3 Realities About Relationship Problems

Couple formed heart shape with their hands against sunset over the horizon.
Couple formed heart shape with their hands against sunset over the horizon.

Relationship problems are hardly anything that we want to experience in our relationships, but they are an inevitable part of spending time with another person.

Here are three realities I've come to realize about relationship problems:

1. When you choose to date or marry someone, you're not necessarily choosing the person. Rather, you're choosing the problems that you want to deal with that emerges in your relationship with that person.

Let's face it: When we're in a relationship problems are inevitable. No matter how hard we try we simply just can't avoid them.
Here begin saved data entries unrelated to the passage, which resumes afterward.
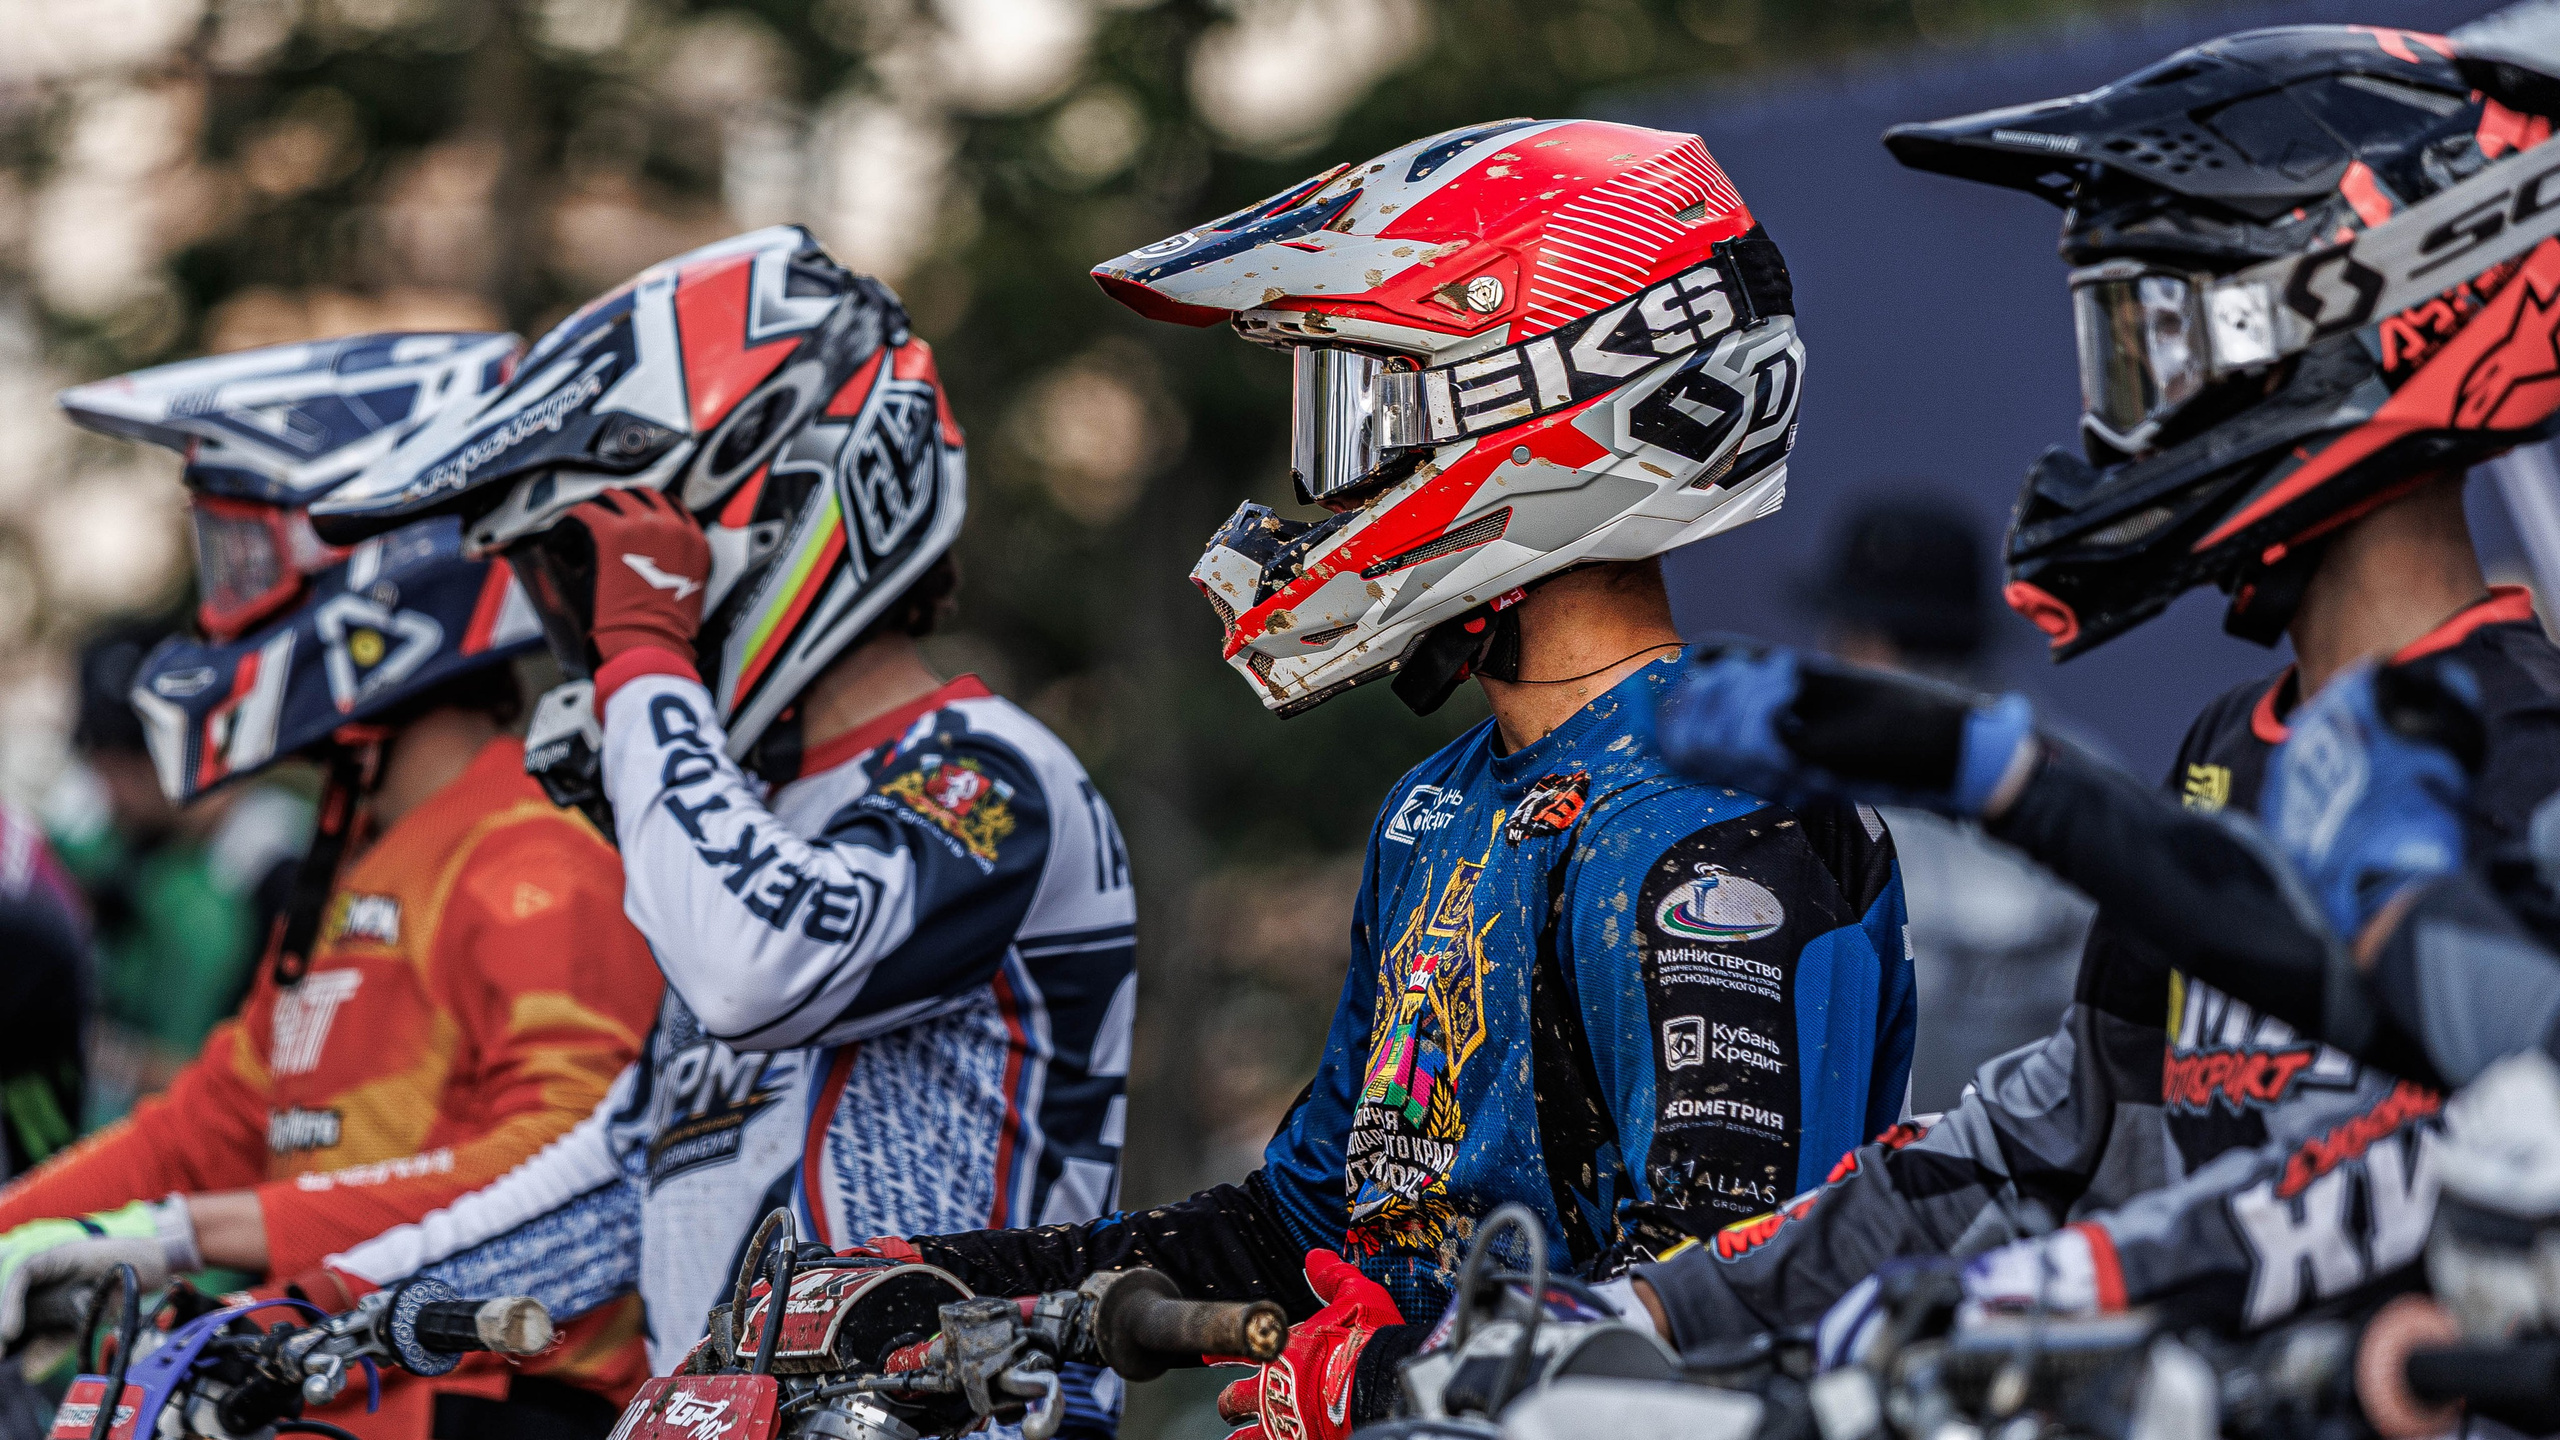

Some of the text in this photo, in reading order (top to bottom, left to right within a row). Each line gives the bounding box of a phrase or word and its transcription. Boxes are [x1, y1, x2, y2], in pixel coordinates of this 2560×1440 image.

[1424, 266, 1736, 441] EKS
[1657, 948, 1782, 980] МИНИСТЕРСТВО
[1660, 973, 1781, 1003] КРАСНОДАРСКОГО КРАЯ
[1712, 1022, 1780, 1055] Кубань
[1711, 1042, 1781, 1074] Кредит
[1712, 1199, 1754, 1213] GROUP
When we're with one person the problems may be much more challenging and difficult than with another person -- but it doesn't meant that there aren't any. It's simply the byproduct of being in a relationship.
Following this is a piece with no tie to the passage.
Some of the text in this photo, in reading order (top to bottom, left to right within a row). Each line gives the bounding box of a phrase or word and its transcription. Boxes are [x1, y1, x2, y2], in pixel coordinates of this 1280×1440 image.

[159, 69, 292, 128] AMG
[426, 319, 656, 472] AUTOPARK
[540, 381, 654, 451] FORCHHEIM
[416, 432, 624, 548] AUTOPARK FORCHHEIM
Dr John Gottman, founder of the Gottman Method Couples Therapy, states that 69% of the problems that we deal with in our relationships are never solved. What determines whether the couple stays together or not relies on whether both people are able to accommodate and accept the traits and characteristics of their partner that irritate them.

Seeing that statistic can be pretty disheartening, but it can also be empowering, because it shows the importance of taking personal responsibility. We have the power to control our own behavior, actions and reactions. And we have a choice as to how we want to behave and even if we want to be in a relationship with a person with that one trait that drives you crazy.
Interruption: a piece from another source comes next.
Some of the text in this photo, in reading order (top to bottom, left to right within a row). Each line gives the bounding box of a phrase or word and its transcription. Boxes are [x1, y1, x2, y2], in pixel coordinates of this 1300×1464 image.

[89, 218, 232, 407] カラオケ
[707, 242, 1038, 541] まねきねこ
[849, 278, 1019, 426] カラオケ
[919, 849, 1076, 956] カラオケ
Which leads me to my next point...

2. You can't change someone who doesn't have a problem with their own actions.

I'm sure that at some point in your life you've heard someone say, "You can't change a man." I know I've heard it many times -- and boy do I know a lot of people (myself included) who have tried.

To love someone means to accept them for who they truly are -- flaws and all. Even if they do forget to take out the trash. Even if they are habitually late for dinner. Even if they may have hobbies you have no interest in whatsoever.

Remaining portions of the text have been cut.